On to your question - I don’t know what you mean by C-T or C-C size. Whatever the size however, my opinion on the bike is…do not get that bike. I don’t have the energy or the time to go into the details of why. 

Go to a reputable LBS and talk to them about what you want.


----------



## saf-t (Sep 24, 2008)

run- it's a sock.....


----------



## Guod (Jun 9, 2011)

I agree with BostonG... Do not get that bike. No matter what size that is, it's a track bike. Fixed gear, your legs are the brakes, etc. Second on the LBS too, unless you have a friend that's into cycling that can kinda guide you to something more reasonable.


----------



## RustyLeaf (Apr 18, 2012)

Hey ill take your message into consideration thanks, but why is there so much negativity toward Visp frames?


----------



## tihsepa (Nov 27, 2008)

RustyLeaf said:


> Hey ill take your message into consideration thanks, but *why is there so much negativity toward Visp frames?*


There is not. Just that one and any other bike like it. Not a good bike to just "get out and ride" on.


----------



## bikerjulio (Jan 19, 2010)

Some times there's so much wrong with the question that it's hard to know where to start. So I'm not going to.

that is all.


----------



## Touch0Gray (May 29, 2003)

first of all at 5 foot 5, a 55 is going to be too big.

I am 5 foot 5 and I had to work to get a 54 to fit me and i am not new to the road bike game.


----------



## Akez (Aug 13, 2011)

You should be on a 50 or 52. Not a 55.


----------



## siclmn (Feb 7, 2004)

Akez said:


> You should be on a 50 or 52. Not a 55.


+1 as he said.


----------



## Matador-IV (Aug 2, 2010)

I would suggest a 58cm and raise the chair part a little higher than what is shown in the photo.


----------



## carlislegeorge (Mar 28, 2004)

I don't think you need those pedal thingies either.


----------



## AndrwSwitch (May 28, 2009)

I picked up a track bike recently myself. I'm not a track bike hater. Actually, just got home from working out on it.

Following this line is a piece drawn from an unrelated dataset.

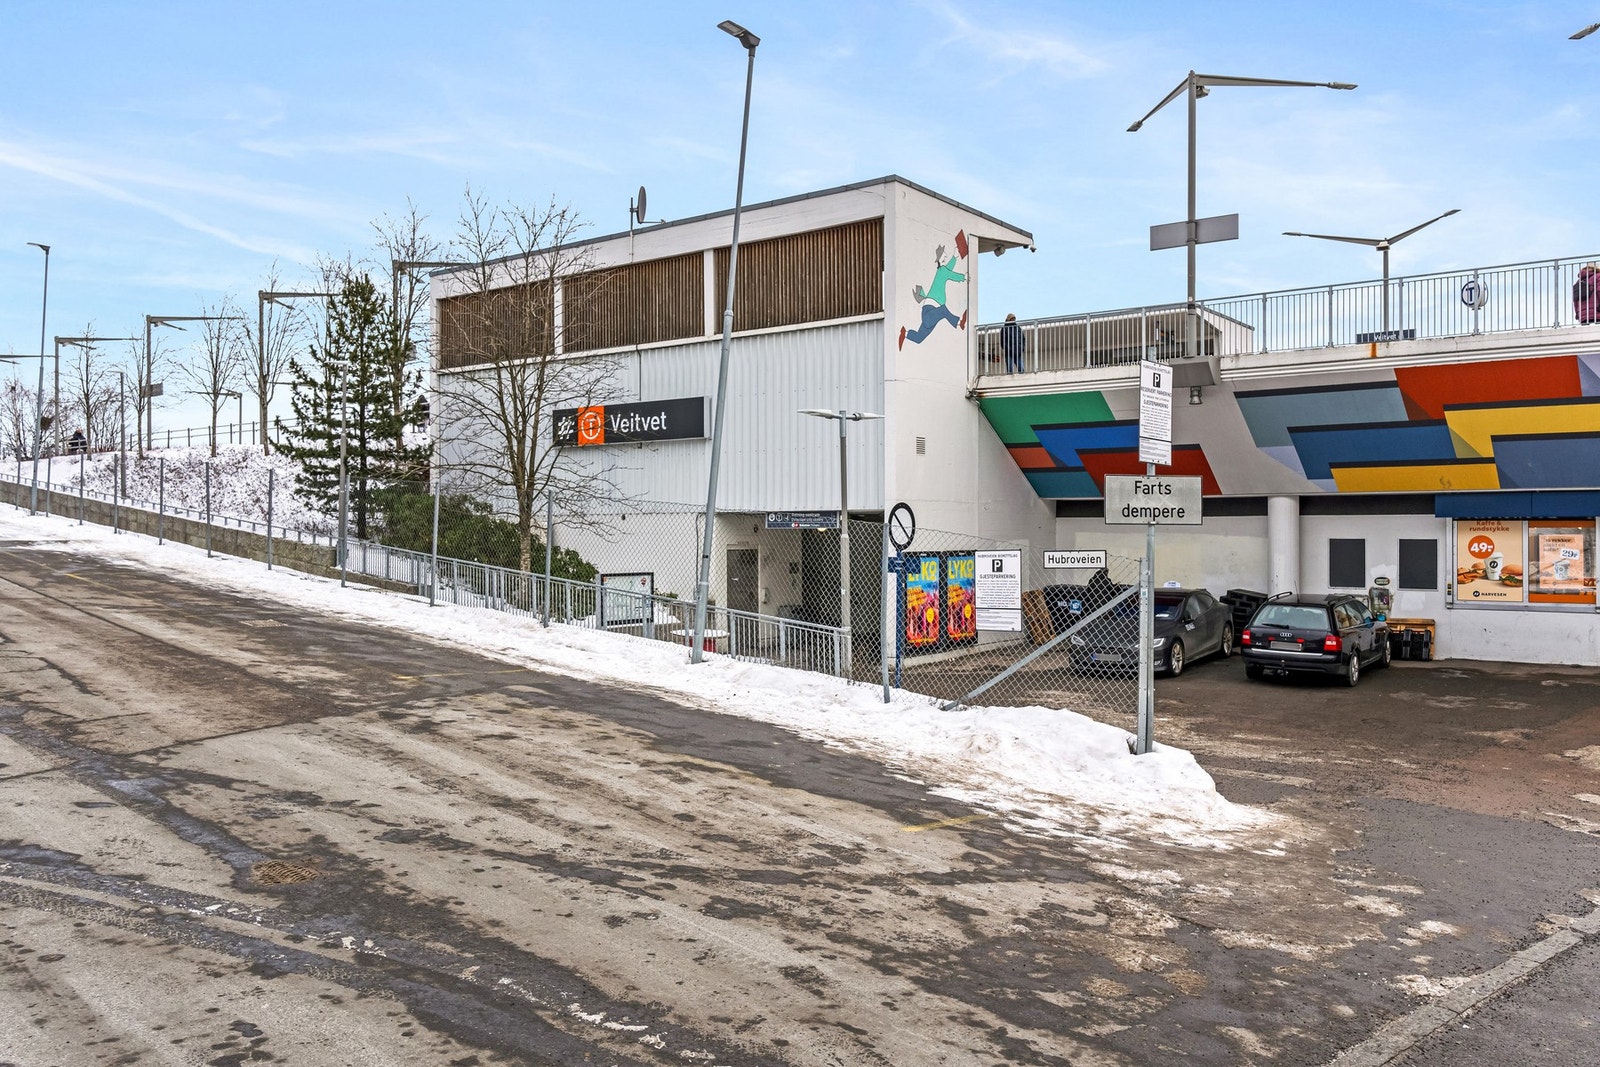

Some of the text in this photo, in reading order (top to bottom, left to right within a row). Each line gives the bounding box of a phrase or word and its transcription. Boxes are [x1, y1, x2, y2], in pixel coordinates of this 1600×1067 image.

But, I think you'd do better starting with gears and brakes. Go to your local shop and ride a few bikes.


----------



## theplumber (Apr 18, 2012)

I'm 5 10, 4 shops have told me 54 56 twice respectively


----------



## BostonG (Apr 13, 2010)

RustyLeaf said:


> Hey ill take your message into consideration thanks, but why is there so much negativity toward Visp frames?


It’s not only the frame, it’s the whole bike. A track bike is made for a very specific purpose - a track (velodrome). It’s super stiff and not versatile at all and as tihspa said, it’s a terrible choice if you just want to doodle around on a bike. If you plan to train with it in a velodrome, that’s one thing. But if you want a bike that you can ride on the road, a road bike is a better choice. Word on the street is that Trek may make good bikes but I don’t have a Trek so I can’t confirm that. 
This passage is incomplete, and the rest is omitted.